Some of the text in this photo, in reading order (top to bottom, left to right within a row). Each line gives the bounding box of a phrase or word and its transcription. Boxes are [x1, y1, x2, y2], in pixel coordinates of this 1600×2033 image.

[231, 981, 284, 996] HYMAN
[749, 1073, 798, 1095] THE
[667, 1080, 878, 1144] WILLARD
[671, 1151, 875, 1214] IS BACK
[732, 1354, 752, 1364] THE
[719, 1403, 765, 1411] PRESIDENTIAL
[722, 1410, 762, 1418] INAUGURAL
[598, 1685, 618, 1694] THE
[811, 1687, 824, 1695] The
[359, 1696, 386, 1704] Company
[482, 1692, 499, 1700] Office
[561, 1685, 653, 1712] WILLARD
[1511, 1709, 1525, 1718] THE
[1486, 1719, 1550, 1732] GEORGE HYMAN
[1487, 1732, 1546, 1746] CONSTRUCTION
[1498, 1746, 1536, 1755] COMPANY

**PROBLEM REQUIREMENTS**
What is needed is a word-for-word copy of the material above.

**TASK OUTPUT**
Some of the text in this photo, in reading order (top to bottom, left to right within a row). Each line gives the bounding box of a phrase or word and its transcription. Boxes are [x1, y1, x2, y2], in pixel coordinates of this 1600×2033 image.

[231, 981, 284, 996] HYMAN
[749, 1073, 798, 1095] THE
[667, 1080, 878, 1144] WILLARD
[671, 1151, 875, 1214] IS BACK
[732, 1354, 752, 1364] THE
[719, 1403, 765, 1411] PRESIDENTIAL
[722, 1410, 762, 1418] INAUGURAL
[598, 1685, 618, 1694] THE
[811, 1687, 824, 1695] The
[359, 1696, 386, 1704] Company
[482, 1692, 499, 1700] Office
[561, 1685, 653, 1712] WILLARD
[1511, 1709, 1525, 1718] THE
[1486, 1719, 1550, 1732] GEORGE HYMAN
[1487, 1732, 1546, 1746] CONSTRUCTION
[1498, 1746, 1536, 1755] COMPANY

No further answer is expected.